Aujourd’hui le valétudinaire avance. Ses pupilles ne sont plus horrifiées par les images fuligineuses qu’elles reçoivent du monde. Il marche soutenu par sa drogue quotidienne. La détresse s’en serait presque envolée. La pensée coule de nouveau moins sombre, plus fluide. La faucheuse a été remerciée pour une durée indéterminée. Les poumons se gonflent comme dans les temps heureux. L’escitalopram crée en soi quelque chose de merveilleux et de jusque là inconnu pouvant être assimilé à de l’insensibilité face à la douleur morale. La souffrance ainsi amoindrie engendre des deuils qui nus de cette molécule, auraient plié le ventre et agenouillé l’esprit en attendant que pénitence se fasse. D’ailleurs les larmes ont cessé. Il est devenu physiquement presque impossible de pleurer (ou peut-être a-t-on finalement usé toute sa réserve lacrymale…Le mystère demeure). Le patient vierge d’antidépresseurs s’avance avec effroi vers un avenir qui lui semble ébène. Le convalescent prenant avec soin ses 10, 15, 20 mg d’escitalopram par jour s’avance vers un horizon qu’il s'imagine obscur mais avec moins de frayeur que de tristesse. Il pense que le lointain ne promet que choses grises mais il l’accepte mieux. La terreur devient appréhension. 

Il est à bénir toutes les drogues offrant à l’âme douceur et bercement, apaisement et chaleur. Toutefois idéalement, la chimie doit être accompagnée d'une thérapie verbale comme la psychothérapie et pour compléter ce cercle vertueux, d'un soin prenant en compte le corps (massages, reiki, yoga, méditation, relaxation, taï-chi, etc). Enfin accepter qu'on est triste, qu'on passe un cap délicat, qu'on s'effondre. Accepter qu'en ce moment même on est vide. Oui, voilà, ça arrive. On est pas Wonderwoman (qui d'ailleurs n'existe pas, devons-nous le rappeler?). On fait ce qu'on peut. Ainsi seulement peut-on recommencer à se remplir de quelques petites joliesses extérieures. L'humeur n'est jamais figée, jamais linéaire. Accepter ses courbes sinusoïdales, c'est accepter que l'on peut se retrouver sans force, mais reconnaître sa capacité à remonter à la surface.

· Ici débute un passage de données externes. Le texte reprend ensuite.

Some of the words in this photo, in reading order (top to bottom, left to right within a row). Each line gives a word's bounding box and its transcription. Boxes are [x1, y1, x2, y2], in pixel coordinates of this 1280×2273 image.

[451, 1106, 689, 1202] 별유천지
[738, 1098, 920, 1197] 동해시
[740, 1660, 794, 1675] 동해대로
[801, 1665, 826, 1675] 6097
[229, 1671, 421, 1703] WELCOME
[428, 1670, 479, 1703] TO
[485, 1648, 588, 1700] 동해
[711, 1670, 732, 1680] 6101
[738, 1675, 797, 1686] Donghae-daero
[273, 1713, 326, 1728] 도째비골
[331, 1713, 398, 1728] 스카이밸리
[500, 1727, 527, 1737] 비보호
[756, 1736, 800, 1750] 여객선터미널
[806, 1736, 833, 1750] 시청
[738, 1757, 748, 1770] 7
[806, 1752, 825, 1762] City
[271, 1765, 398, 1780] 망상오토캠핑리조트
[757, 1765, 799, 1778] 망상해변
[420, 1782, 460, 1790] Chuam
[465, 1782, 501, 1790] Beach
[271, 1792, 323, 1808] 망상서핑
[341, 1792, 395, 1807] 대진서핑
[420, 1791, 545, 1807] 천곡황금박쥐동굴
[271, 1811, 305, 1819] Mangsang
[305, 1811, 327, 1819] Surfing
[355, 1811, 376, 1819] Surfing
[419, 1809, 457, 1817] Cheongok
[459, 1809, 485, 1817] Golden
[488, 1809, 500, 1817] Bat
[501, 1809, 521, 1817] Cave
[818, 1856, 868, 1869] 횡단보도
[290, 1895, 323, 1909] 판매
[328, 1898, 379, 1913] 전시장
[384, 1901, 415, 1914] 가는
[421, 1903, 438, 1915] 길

Les thérapies (chimiques, psychologiques, corporelles, etc) sont là pour nous aider à taper du pied au fond de la piscine mais également et surtout: à NAGER. Tout le monde peut remonter. Cependant il ne s'agit pas d'entreprendre l'ascension brutalement pour replonger la minute qui suit. La vie étant en mouvance constante, les gens, l'humeur, les ondes, les sentiments, peut-être pouvons nous penser que pour survivre et ne pas s'épuiser à faire ces allers-retours avec le fond de la piscine, il faut apprendre à nager. A surfer avec les éléments, jouer avec les vagues plutôt que de les subir. garder le corps souple afin d'être capable de s'adapter aux diverses situations/fluctuations que nous allons rencontrer. Apprendre à nager c'est aussi être capable de faire la planche, de faire de l'eau son alliée et de s'étaler sur le dos en elle, sur elle, pour pouvoir se reposer lorsqu'on se sent happé par le fond. 

La dépression, c'est comme un gros, gros bug synaptique accompagné d'un gros, gros bug dans le corps qui exprime lui aussi sa souffrance. Si on l'entend, si on l'accepte et si on accueille l'aide d'un tiers (une thérapie, l'eau, la parole, le psychologue...) en étant indulgent à notre égard et notre propre allié, alors on saura comme dans la série "Bref" de Kyan Khojandi réparer l'ascenceur qui gravira de nouveau les étages nous séparant de la pulsion de vie.